━━━━━ Source data ━━━━━
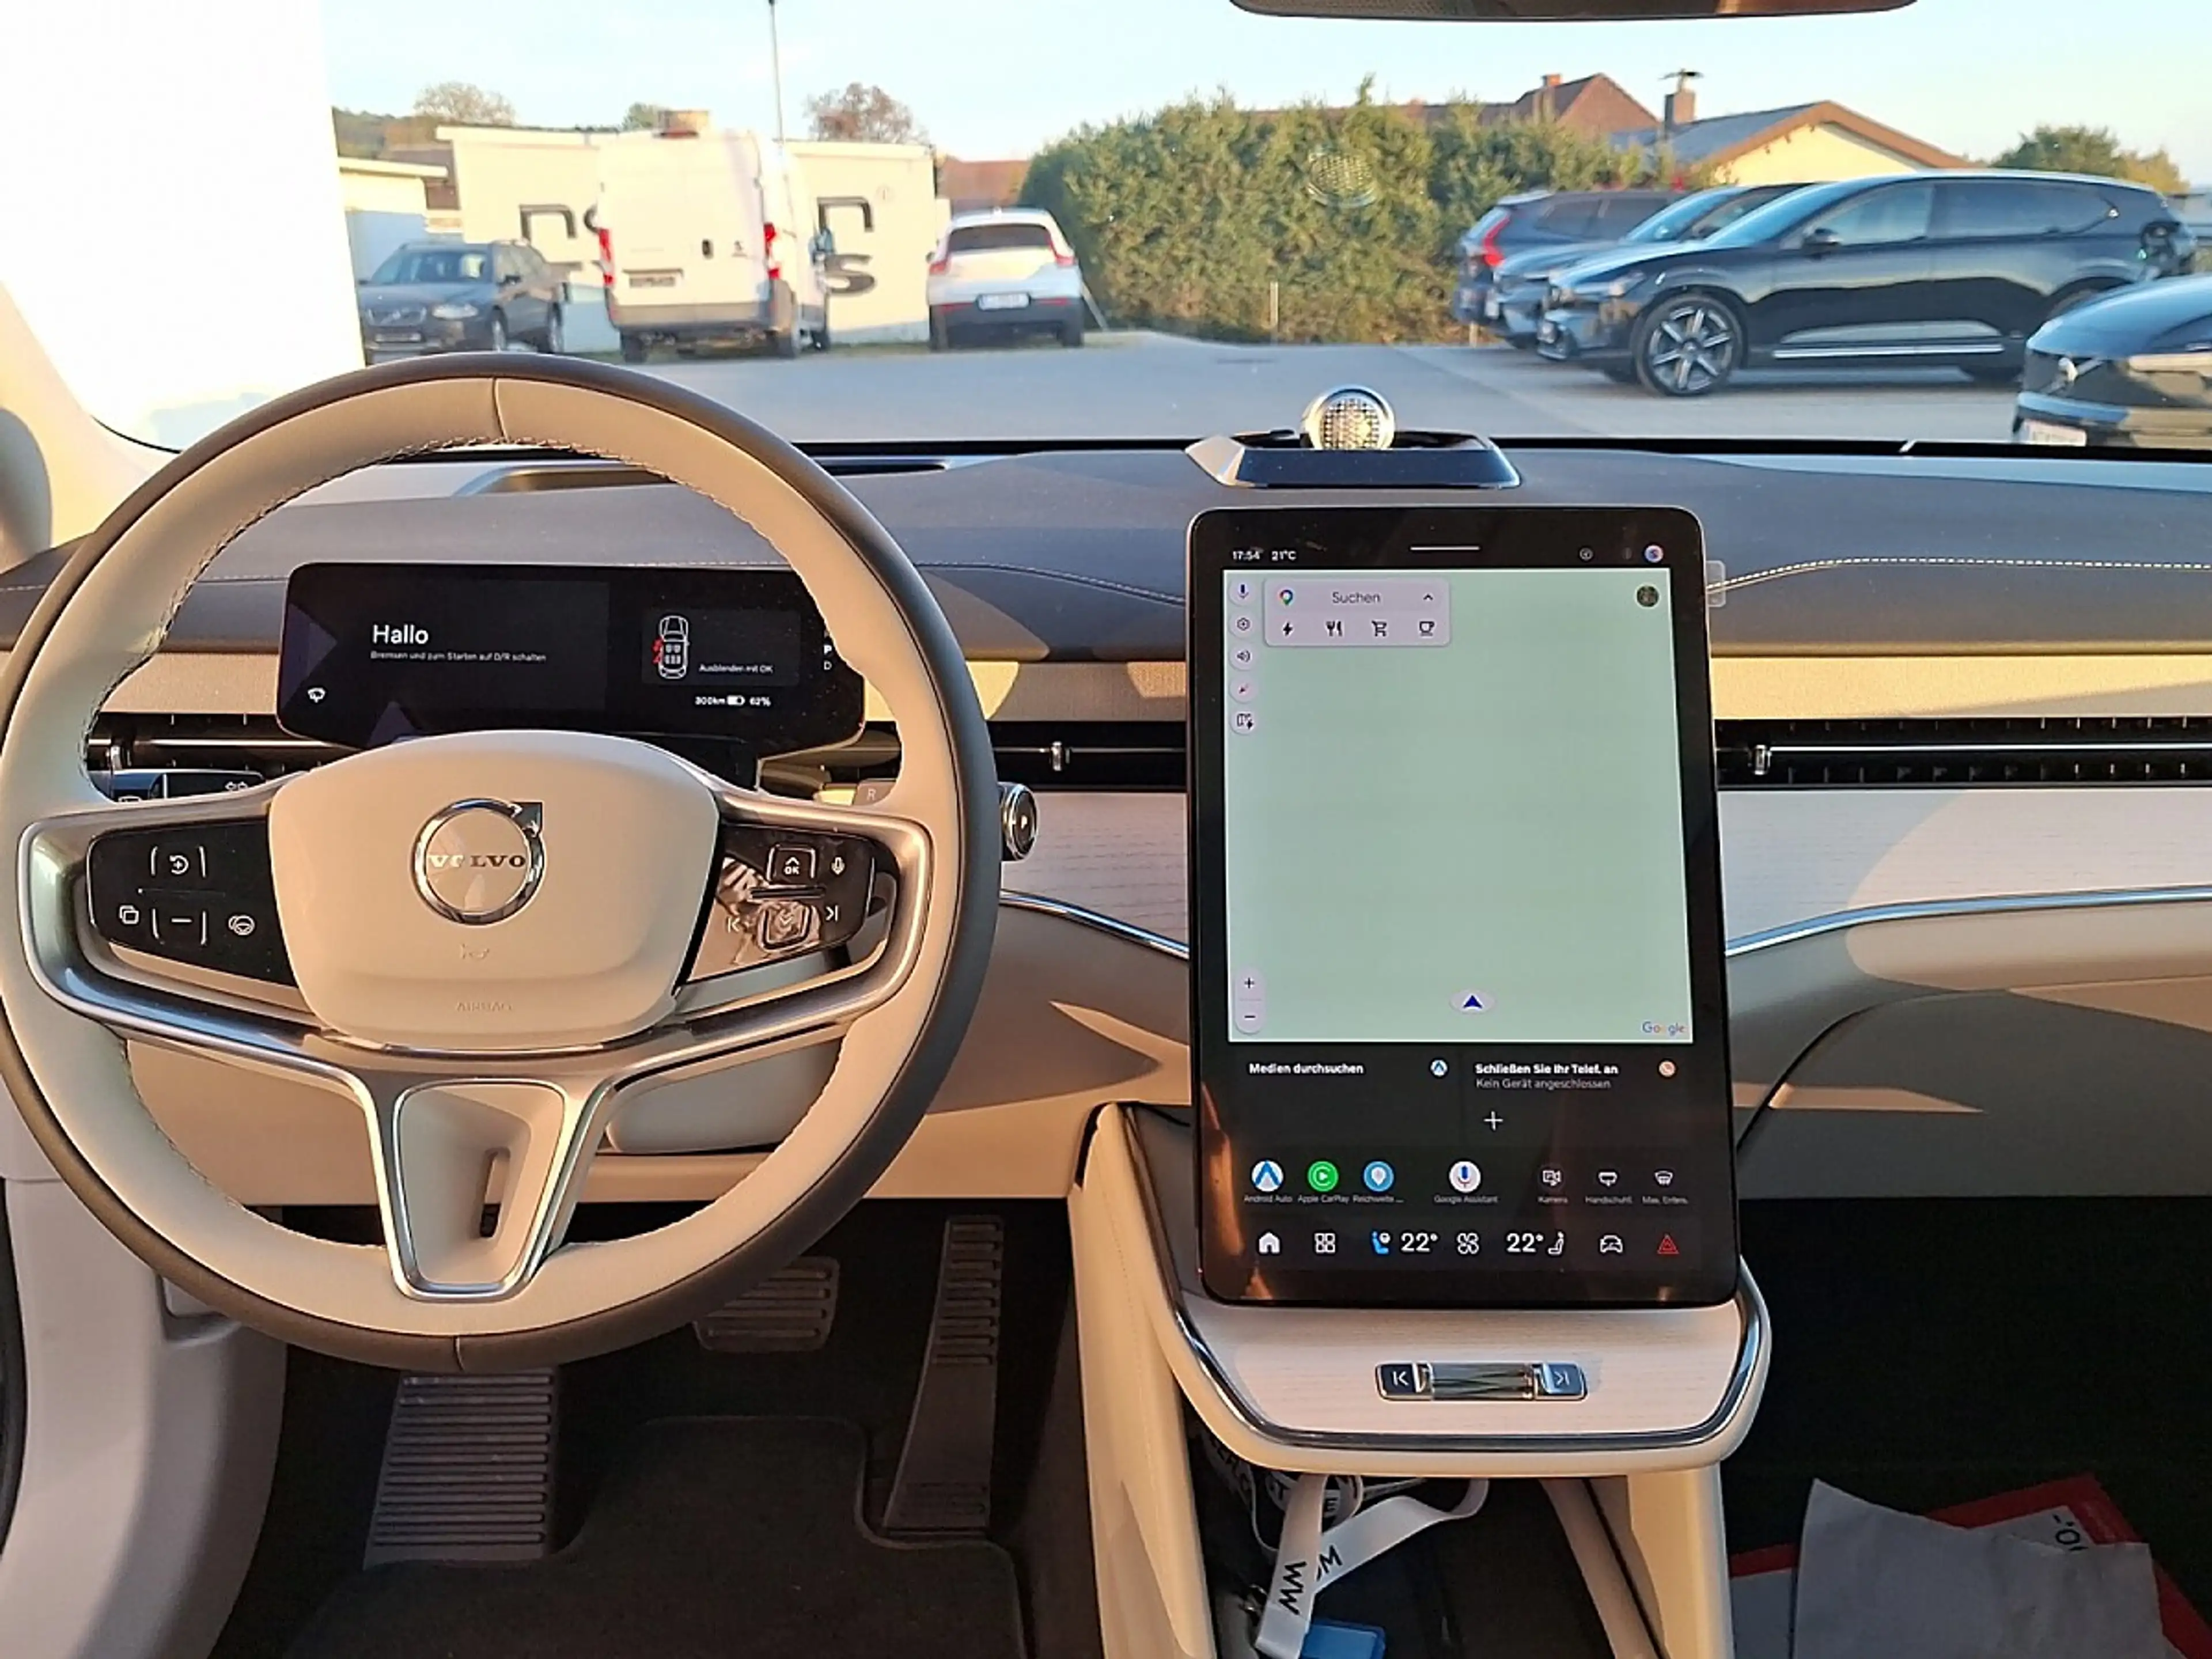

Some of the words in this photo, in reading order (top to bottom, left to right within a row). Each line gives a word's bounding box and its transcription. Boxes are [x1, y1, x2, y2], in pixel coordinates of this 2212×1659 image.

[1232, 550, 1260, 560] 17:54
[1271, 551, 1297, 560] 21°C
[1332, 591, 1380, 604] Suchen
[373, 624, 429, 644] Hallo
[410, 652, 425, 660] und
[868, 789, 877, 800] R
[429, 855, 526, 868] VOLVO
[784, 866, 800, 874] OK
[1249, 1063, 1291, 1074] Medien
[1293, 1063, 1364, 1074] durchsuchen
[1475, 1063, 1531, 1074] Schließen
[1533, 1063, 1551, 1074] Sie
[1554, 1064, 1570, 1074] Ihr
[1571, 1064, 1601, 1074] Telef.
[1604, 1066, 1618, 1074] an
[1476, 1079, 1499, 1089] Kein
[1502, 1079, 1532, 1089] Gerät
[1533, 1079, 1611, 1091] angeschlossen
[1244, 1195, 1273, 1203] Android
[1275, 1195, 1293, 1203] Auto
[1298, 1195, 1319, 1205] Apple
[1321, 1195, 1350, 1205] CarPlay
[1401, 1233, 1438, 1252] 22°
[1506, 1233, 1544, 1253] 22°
━━━━━
> [Directions for this task]: Make an exact copy of the listing above. Do not include the pictures.

> [Result of this task]:
Some of the words in this photo, in reading order (top to bottom, left to right within a row). Each line gives a word's bounding box and its transcription. Boxes are [x1, y1, x2, y2], in pixel coordinates of this 2212×1659 image.

[1232, 550, 1260, 560] 17:54
[1271, 551, 1297, 560] 21°C
[1332, 591, 1380, 604] Suchen
[373, 624, 429, 644] Hallo
[410, 652, 425, 660] und
[868, 789, 877, 800] R
[429, 855, 526, 868] VOLVO
[784, 866, 800, 874] OK
[1249, 1063, 1291, 1074] Medien
[1293, 1063, 1364, 1074] durchsuchen
[1475, 1063, 1531, 1074] Schließen
[1533, 1063, 1551, 1074] Sie
[1554, 1064, 1570, 1074] Ihr
[1571, 1064, 1601, 1074] Telef.
[1604, 1066, 1618, 1074] an
[1476, 1079, 1499, 1089] Kein
[1502, 1079, 1532, 1089] Gerät
[1533, 1079, 1611, 1091] angeschlossen
[1244, 1195, 1273, 1203] Android
[1275, 1195, 1293, 1203] Auto
[1298, 1195, 1319, 1205] Apple
[1321, 1195, 1350, 1205] CarPlay
[1401, 1233, 1438, 1252] 22°
[1506, 1233, 1544, 1253] 22°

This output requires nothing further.